## [Goal of the exercise]
The records below are to be duplicated character for character.

[Phrase grounding data]
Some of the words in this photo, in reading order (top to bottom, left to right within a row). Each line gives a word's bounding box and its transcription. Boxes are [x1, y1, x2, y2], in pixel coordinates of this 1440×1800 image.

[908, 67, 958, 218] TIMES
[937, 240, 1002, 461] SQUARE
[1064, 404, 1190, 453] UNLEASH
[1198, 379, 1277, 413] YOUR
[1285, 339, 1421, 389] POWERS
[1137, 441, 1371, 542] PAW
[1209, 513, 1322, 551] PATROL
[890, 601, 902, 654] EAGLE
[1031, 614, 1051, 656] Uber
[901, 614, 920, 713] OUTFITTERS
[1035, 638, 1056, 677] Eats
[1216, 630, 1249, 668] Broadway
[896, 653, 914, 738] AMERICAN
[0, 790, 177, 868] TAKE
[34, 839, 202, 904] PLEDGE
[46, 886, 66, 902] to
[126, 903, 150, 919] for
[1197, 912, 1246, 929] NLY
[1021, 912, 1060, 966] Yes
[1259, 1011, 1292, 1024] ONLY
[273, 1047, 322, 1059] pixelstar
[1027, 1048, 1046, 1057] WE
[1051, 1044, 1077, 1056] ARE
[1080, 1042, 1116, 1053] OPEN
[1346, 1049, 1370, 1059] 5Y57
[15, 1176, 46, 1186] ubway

## [Exercise output]
Some of the words in this photo, in reading order (top to bottom, left to right within a row). Each line gives a word's bounding box and its transcription. Boxes are [x1, y1, x2, y2], in pixel coordinates of this 1440×1800 image.

[908, 67, 958, 218] TIMES
[937, 240, 1002, 461] SQUARE
[1064, 404, 1190, 453] UNLEASH
[1198, 379, 1277, 413] YOUR
[1285, 339, 1421, 389] POWERS
[1137, 441, 1371, 542] PAW
[1209, 513, 1322, 551] PATROL
[890, 601, 902, 654] EAGLE
[1031, 614, 1051, 656] Uber
[901, 614, 920, 713] OUTFITTERS
[1035, 638, 1056, 677] Eats
[1216, 630, 1249, 668] Broadway
[896, 653, 914, 738] AMERICAN
[0, 790, 177, 868] TAKE
[34, 839, 202, 904] PLEDGE
[46, 886, 66, 902] to
[126, 903, 150, 919] for
[1197, 912, 1246, 929] NLY
[1021, 912, 1060, 966] Yes
[1259, 1011, 1292, 1024] ONLY
[273, 1047, 322, 1059] pixelstar
[1027, 1048, 1046, 1057] WE
[1051, 1044, 1077, 1056] ARE
[1080, 1042, 1116, 1053] OPEN
[1346, 1049, 1370, 1059] 5Y57
[15, 1176, 46, 1186] ubway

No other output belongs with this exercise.